Figure 12. Nup98 stimulates the transcriptional activity of DHX9.
HEK293T cells transfected with the luciferase gene under control of a cAMP-regulatory element (CRE) were co-transfected with two plasmids, one containing GFP-NUP98 or GFP and another containing either DHX9WT, the point mutant DHX9I347A, the point mutant DHX9K417R or an empty plasmid. Luciferase activity is shown on the y-axis. The luciferase activity from cells transfected with luciferase plasmid alone was designated 1. Each value of relative luciferase activity represents the mean ± standard deviation (n = 3). (** indicate p-value < 0.01 in T-test comparing normalized luciferase activity in cells transfected with GFP-Nup98 versus GFP).
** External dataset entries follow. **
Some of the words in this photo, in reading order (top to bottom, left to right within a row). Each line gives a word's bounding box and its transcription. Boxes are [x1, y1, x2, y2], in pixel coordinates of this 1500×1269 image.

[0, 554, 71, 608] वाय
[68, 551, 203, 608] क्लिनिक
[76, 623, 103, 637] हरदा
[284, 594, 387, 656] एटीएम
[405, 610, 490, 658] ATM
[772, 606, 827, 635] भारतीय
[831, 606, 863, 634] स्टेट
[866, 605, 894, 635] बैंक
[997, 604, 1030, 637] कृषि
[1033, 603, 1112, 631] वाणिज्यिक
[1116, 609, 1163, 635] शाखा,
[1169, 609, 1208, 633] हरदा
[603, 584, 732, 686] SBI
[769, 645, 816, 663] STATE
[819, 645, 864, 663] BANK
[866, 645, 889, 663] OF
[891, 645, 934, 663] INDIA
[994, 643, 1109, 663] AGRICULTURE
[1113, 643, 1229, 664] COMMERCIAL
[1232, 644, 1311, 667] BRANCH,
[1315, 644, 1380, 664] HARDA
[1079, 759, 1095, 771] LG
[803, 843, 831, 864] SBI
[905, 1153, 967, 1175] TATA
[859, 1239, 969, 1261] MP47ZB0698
DHX9 and the DHX9 point mutants are expressed at similar levels (Figure 12—figure supplement 1).
Figure 12—figure supplement 1. DHX9 point mutant constructs are expressed at levels similar to WT.
Western blots of proteins derived from HEK293T cell lysates expressing the indicated DHX9 constructs were performed. These constructs contain a C-terminal HA-tag, allowing detection and comparison of protein levels. The positions of molecular mass markers (shown in kDa) are indicated on the left. α-tubulin was used as loading control.